How to complete this task =
Write the records below out again exactly as given, with no images.

--- START ---

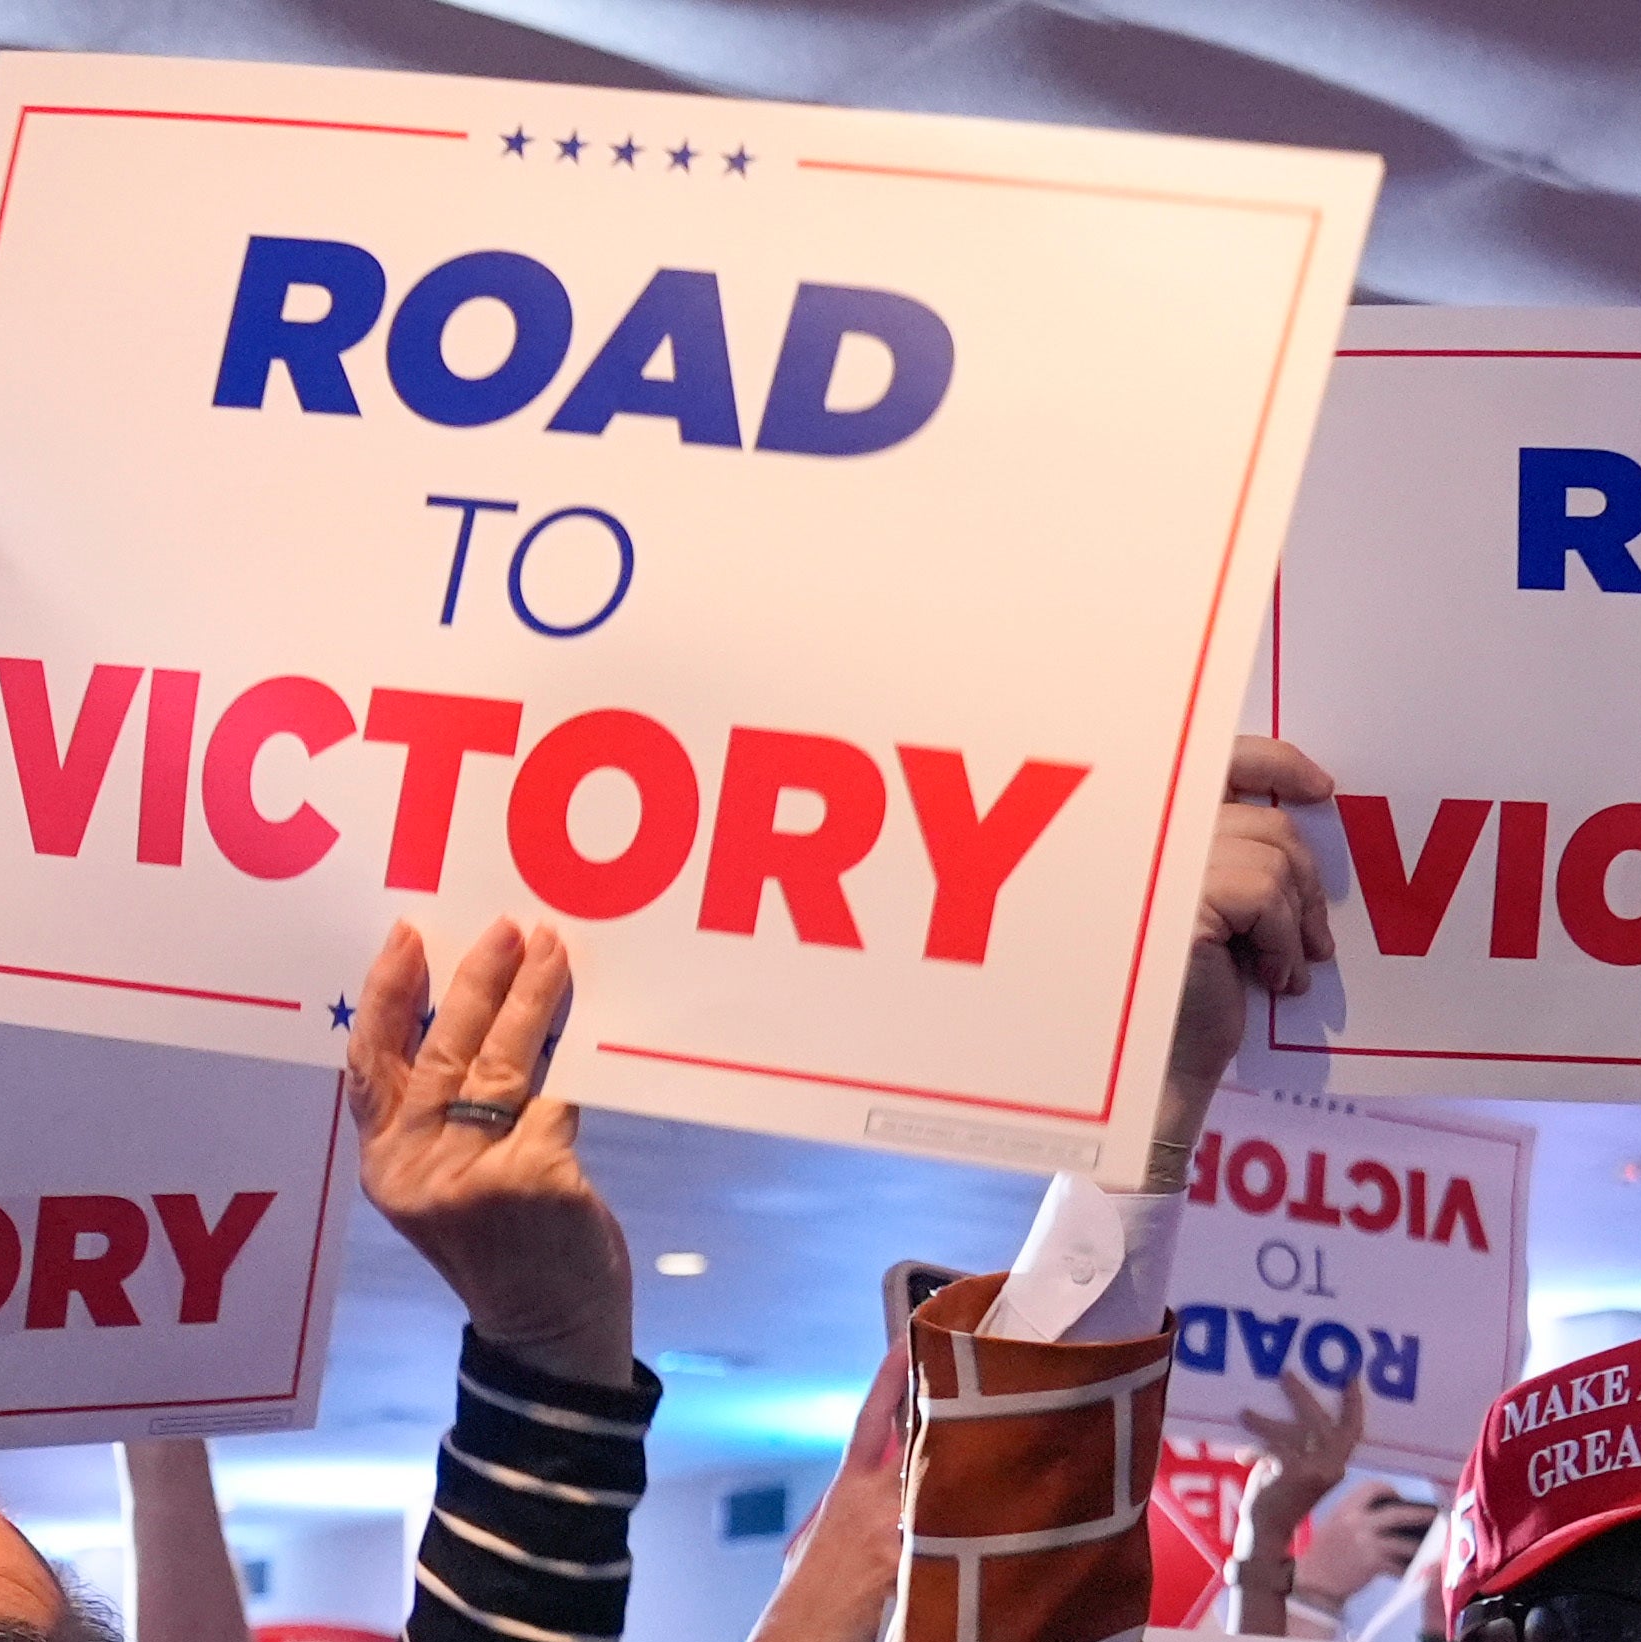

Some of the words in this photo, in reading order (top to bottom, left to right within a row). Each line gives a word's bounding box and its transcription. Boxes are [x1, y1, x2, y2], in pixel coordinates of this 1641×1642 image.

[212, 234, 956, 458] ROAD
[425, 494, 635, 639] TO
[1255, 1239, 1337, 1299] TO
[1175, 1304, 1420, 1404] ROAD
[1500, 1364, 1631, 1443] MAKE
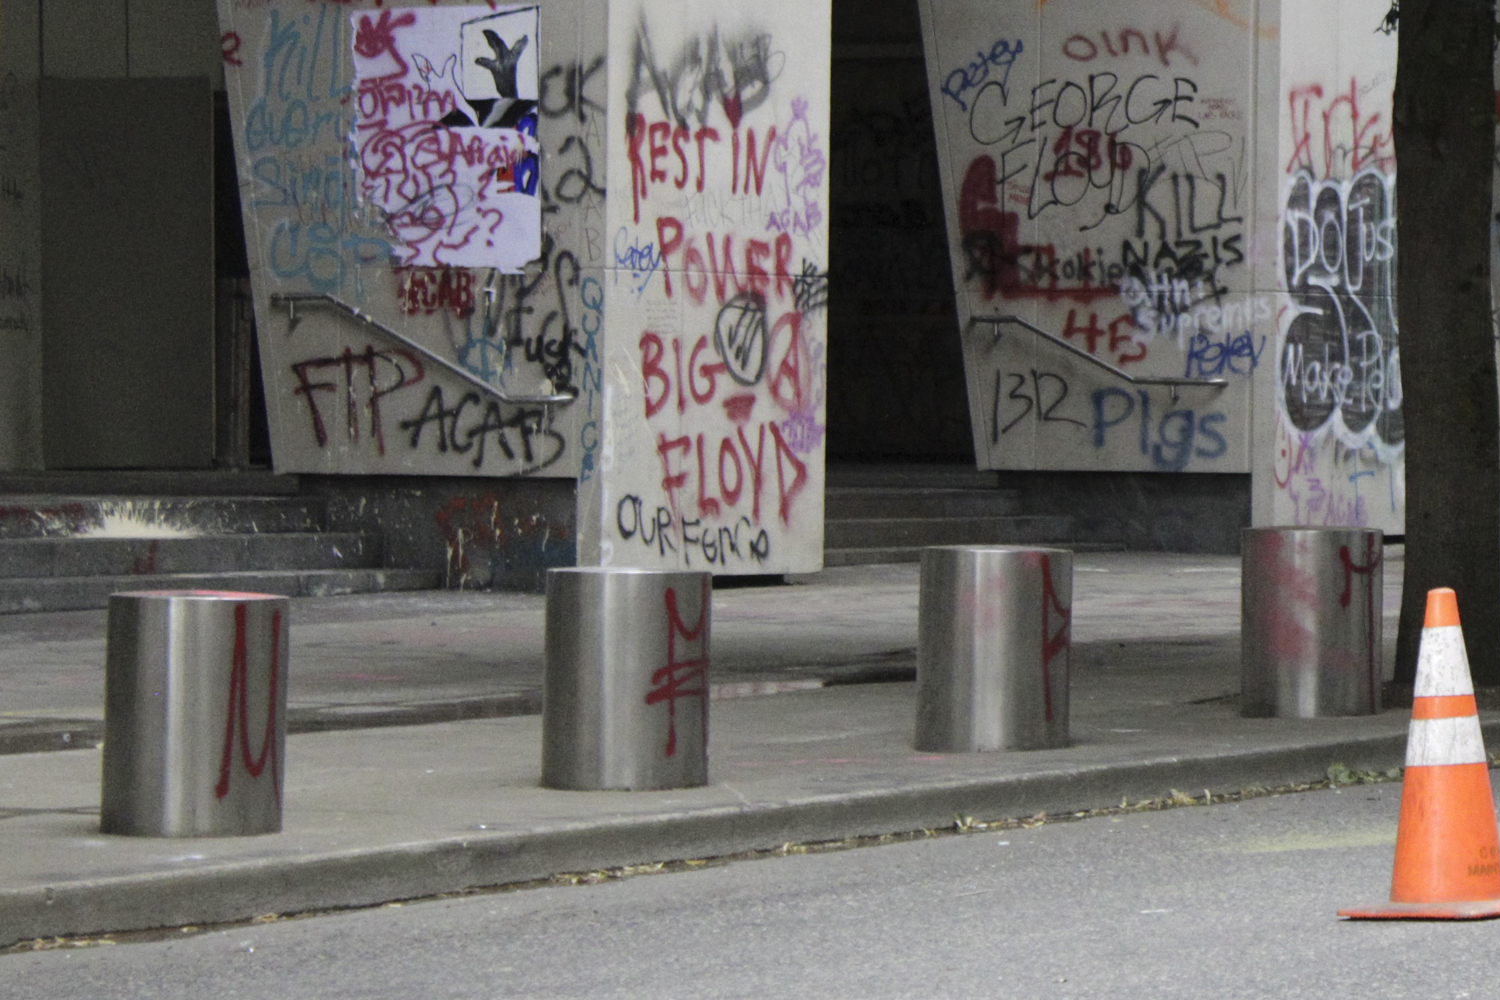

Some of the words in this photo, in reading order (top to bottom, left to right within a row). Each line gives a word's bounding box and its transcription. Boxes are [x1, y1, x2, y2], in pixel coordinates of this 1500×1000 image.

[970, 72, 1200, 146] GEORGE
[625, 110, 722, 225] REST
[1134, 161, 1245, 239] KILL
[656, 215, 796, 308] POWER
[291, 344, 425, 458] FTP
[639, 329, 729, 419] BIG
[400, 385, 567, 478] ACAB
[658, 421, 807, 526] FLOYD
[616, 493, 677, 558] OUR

--- END ---

Your solution =
Some of the words in this photo, in reading order (top to bottom, left to right within a row). Each line gives a word's bounding box and its transcription. Boxes are [x1, y1, x2, y2], in pixel coordinates of this 1641×1642 image.

[212, 234, 956, 458] ROAD
[425, 494, 635, 639] TO
[1255, 1239, 1337, 1299] TO
[1175, 1304, 1420, 1404] ROAD
[1500, 1364, 1631, 1443] MAKE

Some of the words in this photo, in reading order (top to bottom, left to right within a row). Each line gives a word's bounding box and its transcription. Boxes are [x1, y1, x2, y2], in pixel coordinates of this 1500×1000 image.

[970, 72, 1200, 146] GEORGE
[625, 110, 722, 225] REST
[1134, 161, 1245, 239] KILL
[656, 215, 796, 308] POWER
[291, 344, 425, 458] FTP
[639, 329, 729, 419] BIG
[400, 385, 567, 478] ACAB
[658, 421, 807, 526] FLOYD
[616, 493, 677, 558] OUR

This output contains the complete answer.